Both were fiery and passionate, the vocal quarterbacks of their respective defenses. Neither was ever at a shortage of words, on or off the field.
Buffalo Bills middle linebacker Kiko Alonso is different.
One of the most quiet and reserved players in his team's locker room, the 46th overall pick in April's draft has let his play speak for itself. Staying on the field for every snap this season, Alonso is the NFL's second-leading tackler and is among the favorites to win the defensive rookie of the year award.
It has been a quick ascent, one that would have seemed unlikely just a few years ago.
[+] EnlargeKiko Alonso
AP Photo/Bill Wippert
Kiko Alonso arrived at the Bills' bye week with 112 tackles and four interceptions through 11 games.
In February 2010, Alonso was arrested for DUI and suspended for his entire sophomore season at the University of Oregon. That incident preceded a knee injury that would have wiped out his 2010 season, even without his arrest.
Just over a year later, Alonso was arrested again, charged with criminal mischief and trespassing. According to reports, Alonso pounded on the front door of a stranger's home late one Saturday night, demanding to be let in. The owner called 911 and fled. When police arrved, Alonso was inside the house.
He pleaded guilty to the charges and was sentenced to probation, community service and alcohol treatment.
Alonso was suspended again, this time indefinitely, putting his future with the team in peril until Oregon coach Chip Kelly decided to reinstate the linebacker for the 2011 home opener.
Given a second chance, Alonso made the most of it. He tallied 46 tackles as a junior and was named defensive MVP of the Rose Bowl. That led to a senior season in which he notched 81 tackles -- including 14 for loss -- four interceptions and two forced fumbles.

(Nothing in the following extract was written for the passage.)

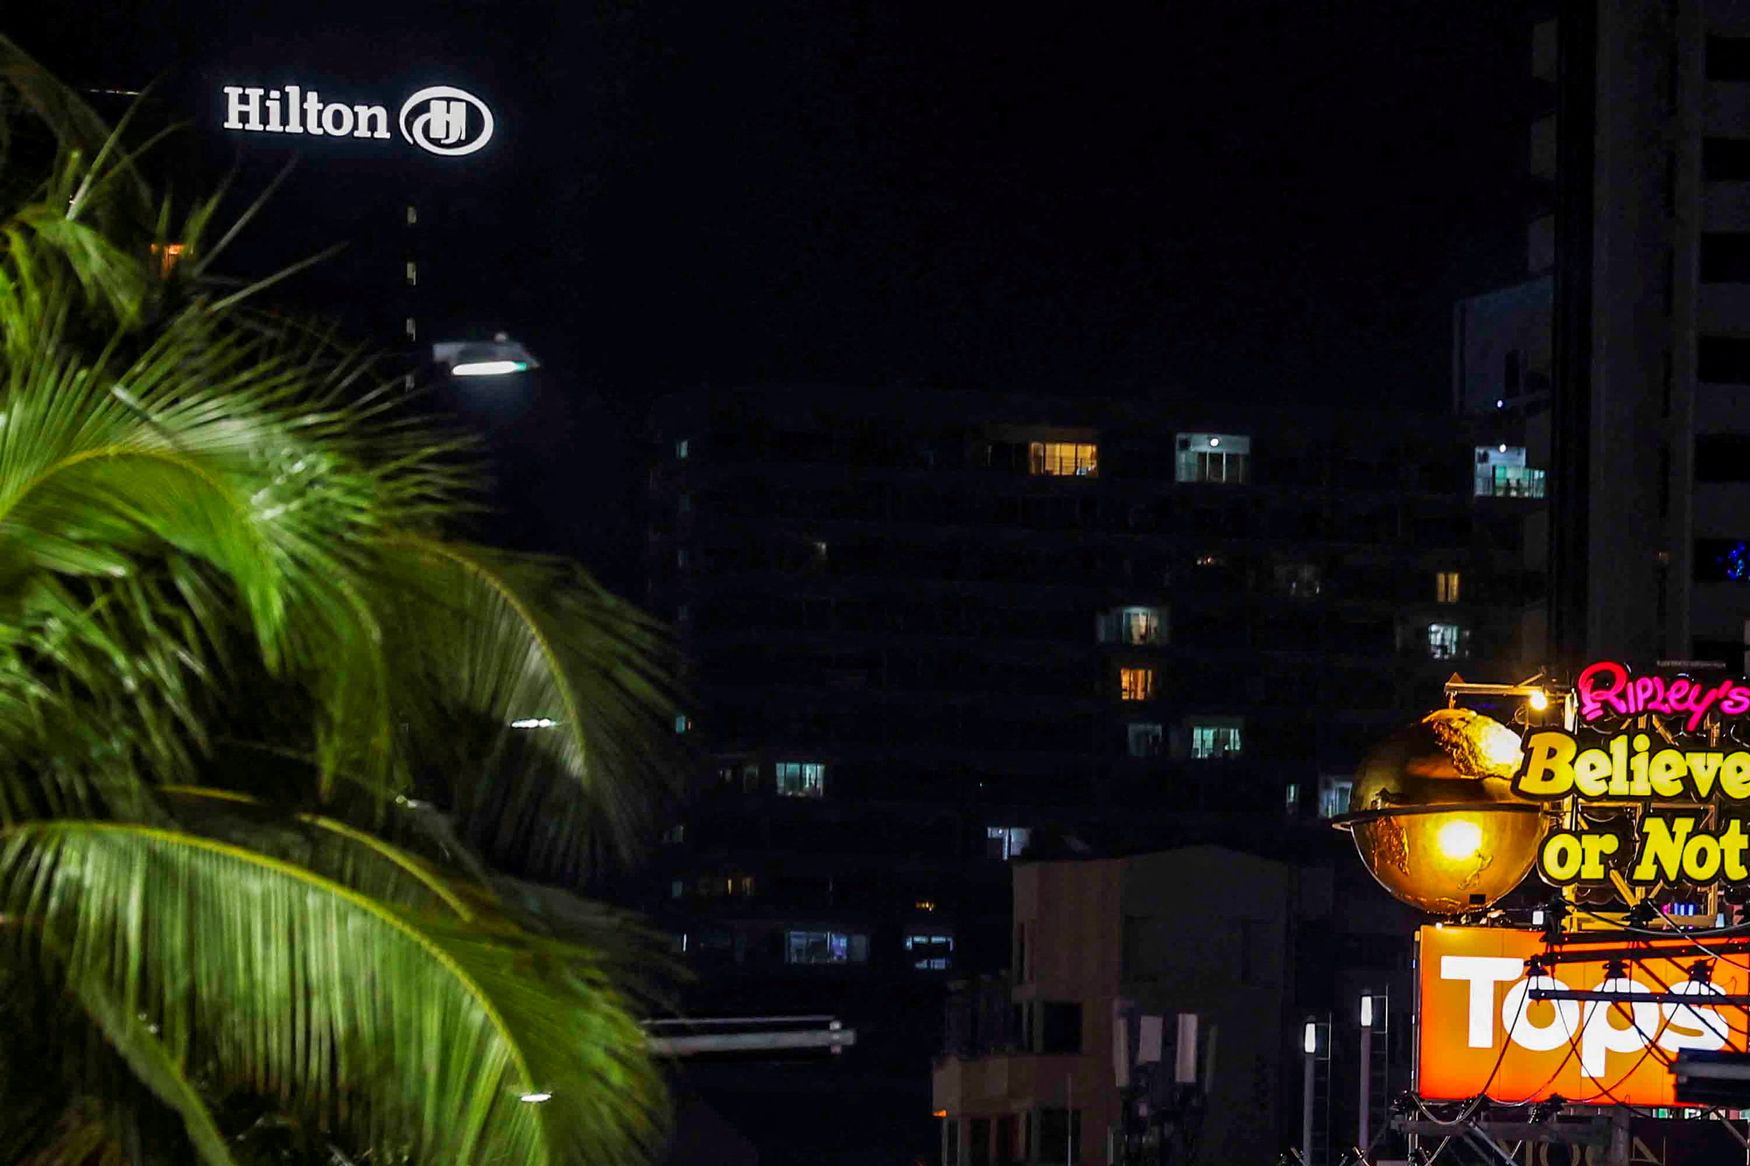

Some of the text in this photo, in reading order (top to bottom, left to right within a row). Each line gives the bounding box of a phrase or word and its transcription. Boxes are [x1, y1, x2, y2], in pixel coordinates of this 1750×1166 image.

[223, 85, 391, 139] Hilton
[1542, 834, 1619, 879] or
[1441, 955, 1729, 1078] Tops
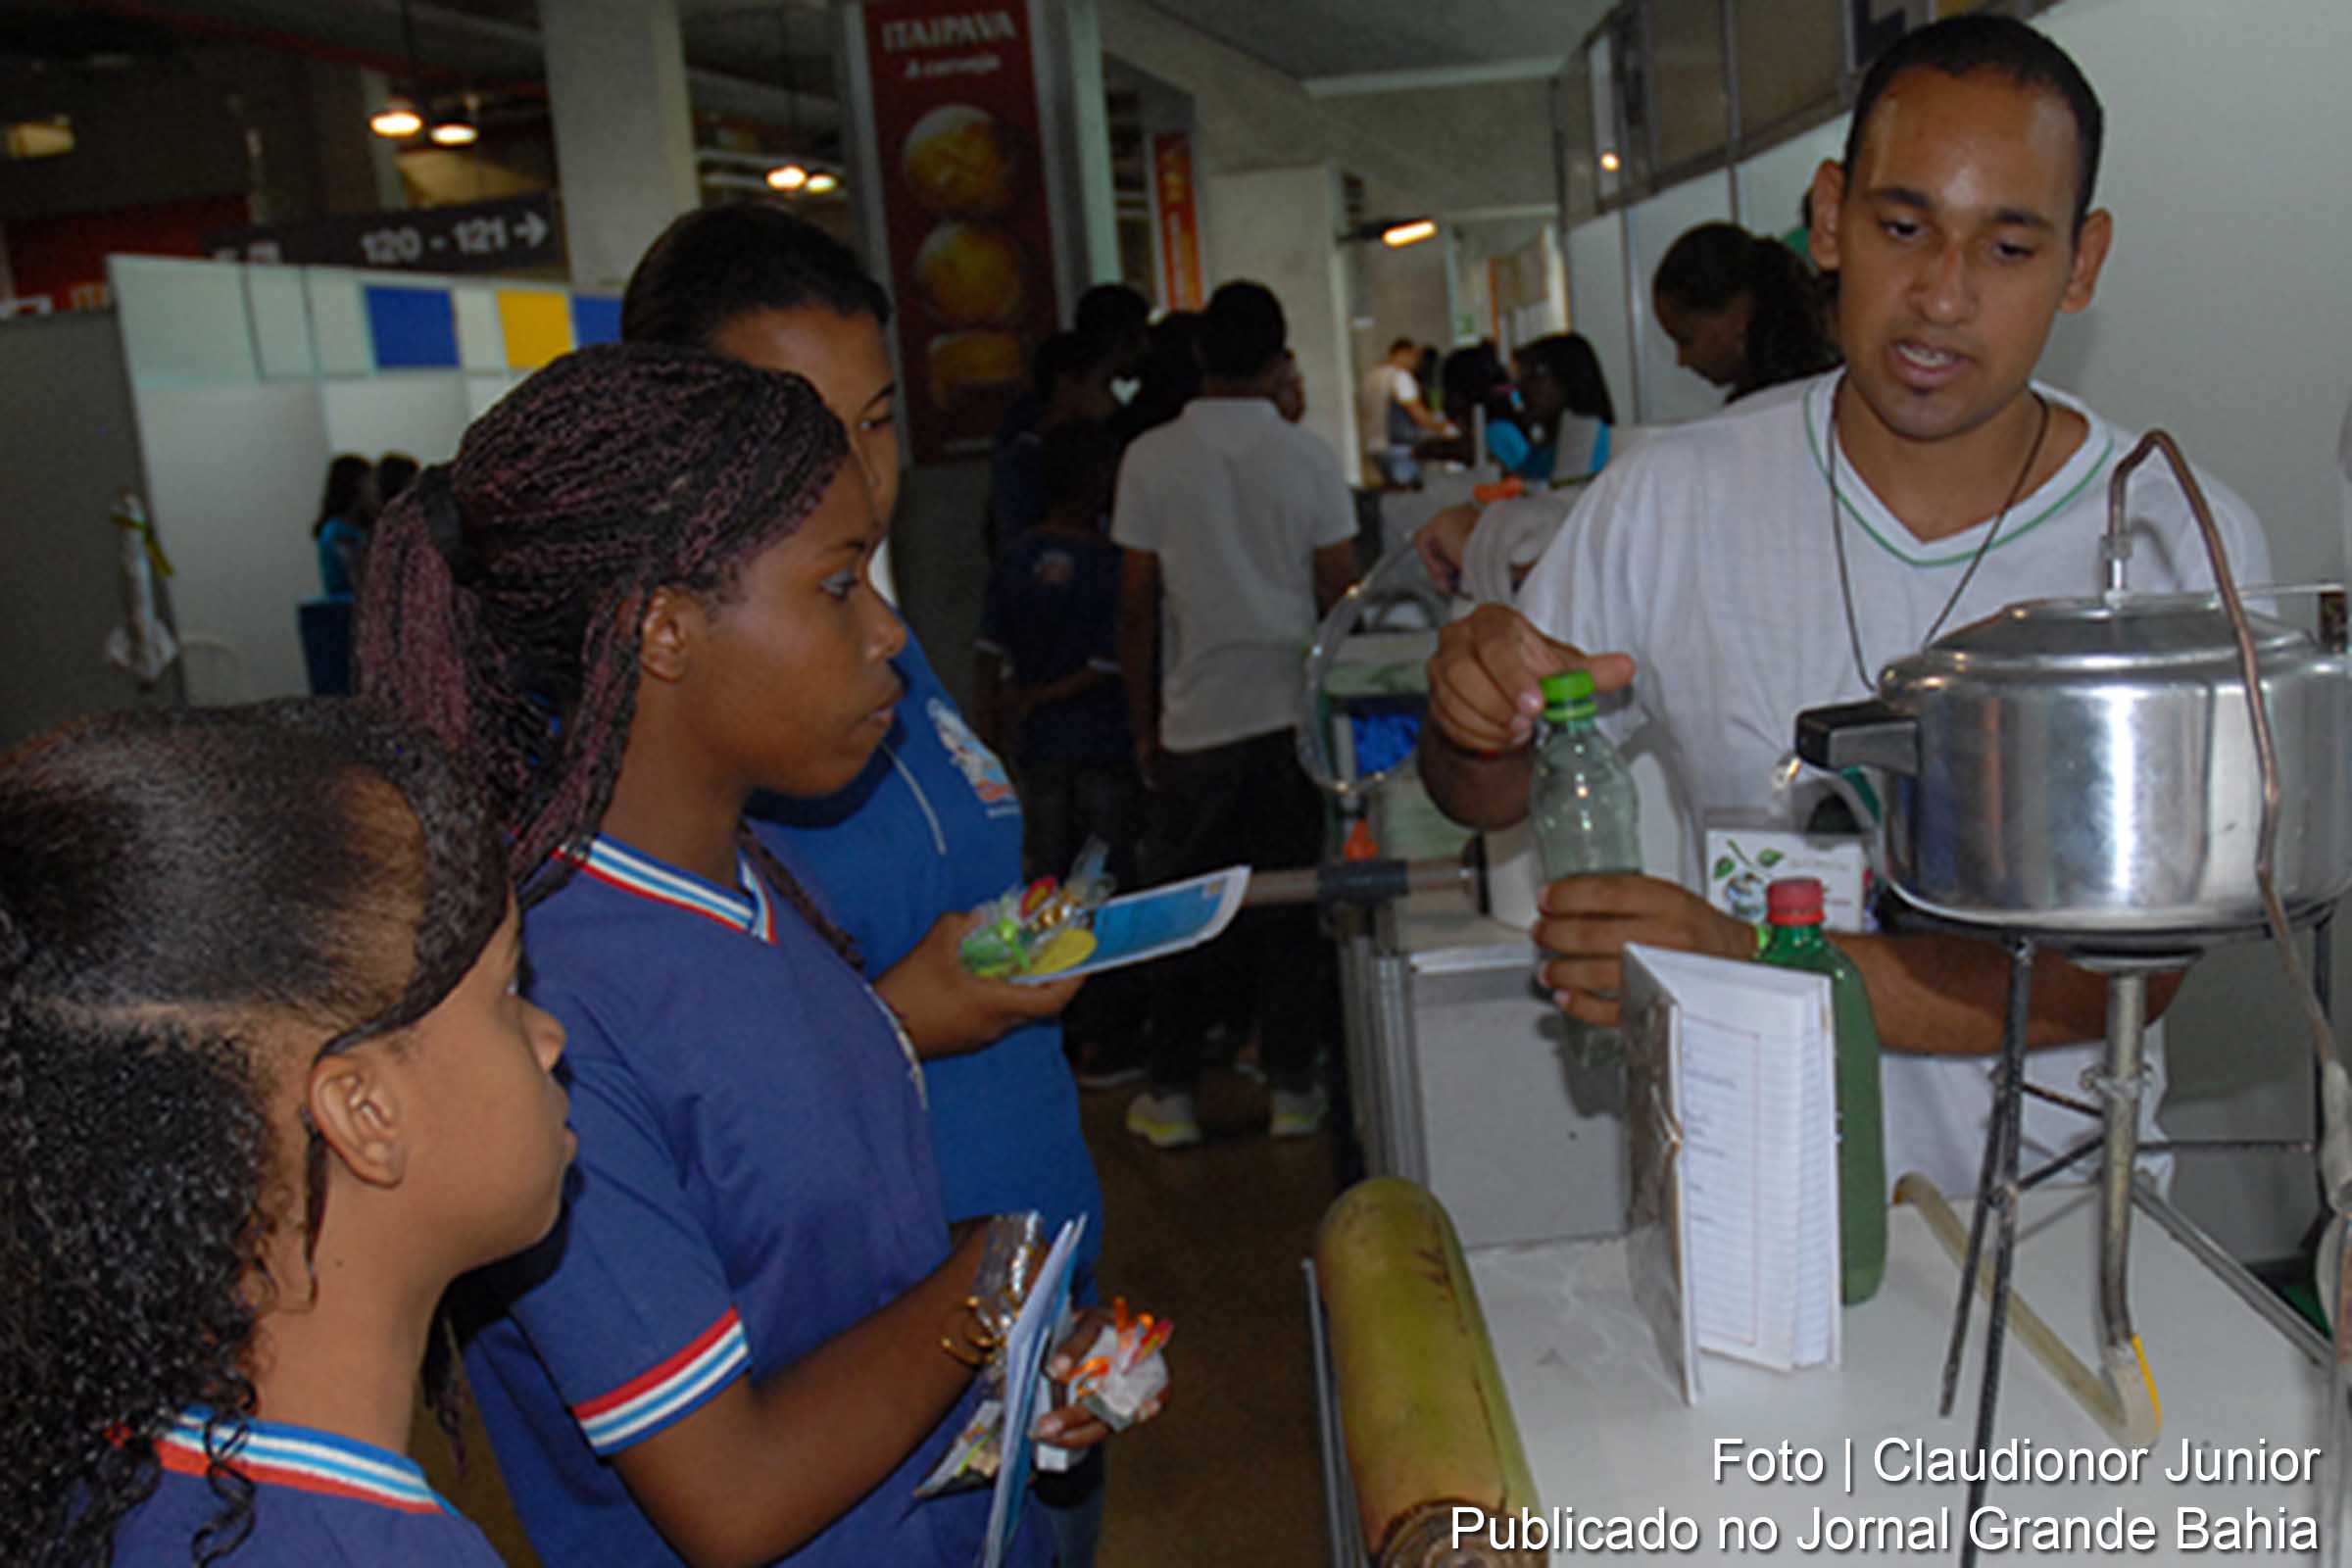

"I take extra pride in that I got the opportunity to coach Kiko," Kelly, now the Philadelphia Eagles' head coach, said this week. "Extremely dedicated, driven person, both academically and athletically."
Alonso played his final college game in Glendale, Ariz., on Jan. 3, a Fiesta Bowl win for Oregon. Four days later, at a news conference more than 2,000 miles away, the Bills introduced Doug Marrone as their next head coach.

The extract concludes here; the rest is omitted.